Fit gegen Stress

Fitness schützt bei Berufsstress

Frühmorgens eine Sitzung. Über Mittag ein Businesslunch. Und am Abend noch ein Conference-Call mit Übersee. Wer viel arbeitet, findet kaum Zeit für Musse, Erholung – und für Sport. Ausgesprochene Bewegungsmenschen ausgeschlossen, ist die Überwindung meist gross, neben einem riesigen beruflichen Pensum sich in der Freizeit körperlich aktiv zu betätigen.

Stress erhöht Risikofaktoren

Doch gerade für Menschen, die sich gestresst fühlen, ist Fitness besonders wichtig. Dies zeigt eine im US-Fachblatt «Medicine and Science in Sports and Exercise» veröffentlichte Studie von Sportwissenschaftlern der Universität Basel und ihren Kollegen aus Schweden.

Erwartungsgemäss hat die Studie verdeutlicht, dass gestresste Personen in den meisten kardiovaskulären Risikofaktoren höhere Werte aufweisen. Weiter liess sich bestätigen, dass die kardiovaskuläre Fitness mit nahezu allen Risikofaktoren in Verbindung steht.

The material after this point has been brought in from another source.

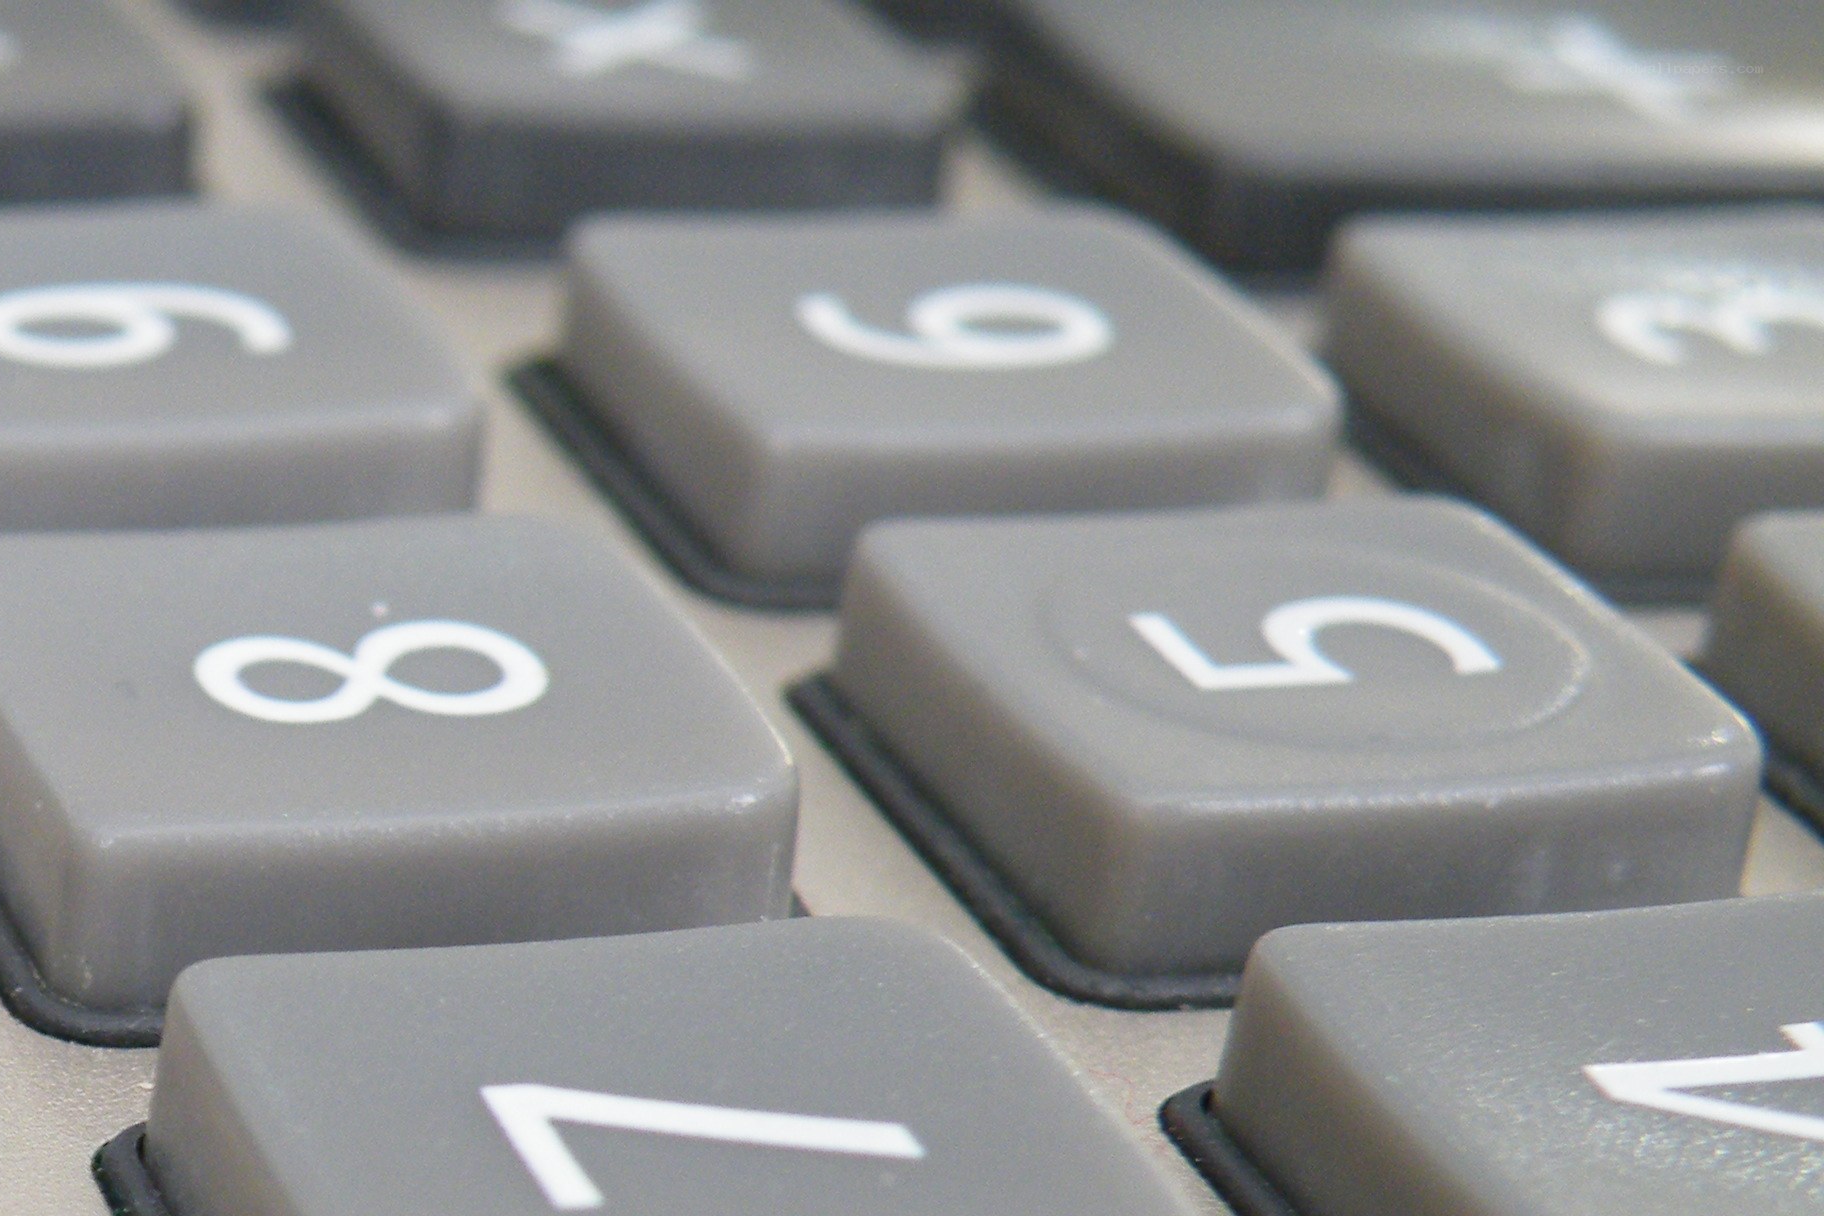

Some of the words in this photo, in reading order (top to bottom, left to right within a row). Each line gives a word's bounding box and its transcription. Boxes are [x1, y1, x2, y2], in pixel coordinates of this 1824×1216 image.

[796, 282, 1113, 369] 6
[193, 619, 548, 723] 8
[1127, 596, 1504, 690] 5
[479, 1083, 928, 1209] 7

Körperlich aktiv zu sein, lohnt sich

Erstmals jedoch haben die Forscher nachgewiesen, dass der Zusammenhang zwischen subjektiver Stresswahrnehmung und kardiovaskulären Risikofaktoren durch die Fitness sozusagen moderiert wird. Mit anderen Worten: Bei den gestressten Studienteilnehmenden waren die Unterschiede zwischen Personen mit hohem, mittlerem und tiefem Fitnessniveau besonders hoch ausgeprägt.

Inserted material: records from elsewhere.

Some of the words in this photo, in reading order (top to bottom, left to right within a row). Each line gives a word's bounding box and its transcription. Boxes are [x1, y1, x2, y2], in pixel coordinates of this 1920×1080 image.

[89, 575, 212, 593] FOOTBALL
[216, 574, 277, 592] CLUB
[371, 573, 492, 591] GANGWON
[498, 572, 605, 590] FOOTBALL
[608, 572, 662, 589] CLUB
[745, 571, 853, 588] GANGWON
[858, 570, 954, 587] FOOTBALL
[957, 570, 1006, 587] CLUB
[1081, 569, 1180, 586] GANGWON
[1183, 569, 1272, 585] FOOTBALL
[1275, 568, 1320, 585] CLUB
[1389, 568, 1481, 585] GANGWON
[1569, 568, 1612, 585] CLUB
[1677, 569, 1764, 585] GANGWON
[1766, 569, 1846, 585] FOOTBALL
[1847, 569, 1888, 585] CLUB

So übersteigen bei hoher Stressbelastung gewisse Werte den klinisch relevanten Grenzwert, wenn Arbeitnehmende ein tiefes Fitnessniveau aufweisen – nicht aber bei Personen mit hoher Fitness. Bei geringer Stressbelastung wurden dagegen weitaus geringere Differenzen zwischen den Fitnessniveaus beobachtet.

Körperlich fit zu sein bietet also gerade dann Schutz vor gesundheitlichen Beeinträchtigungen, wenn man sich durch Stress bei der Arbeit belastet fühlt.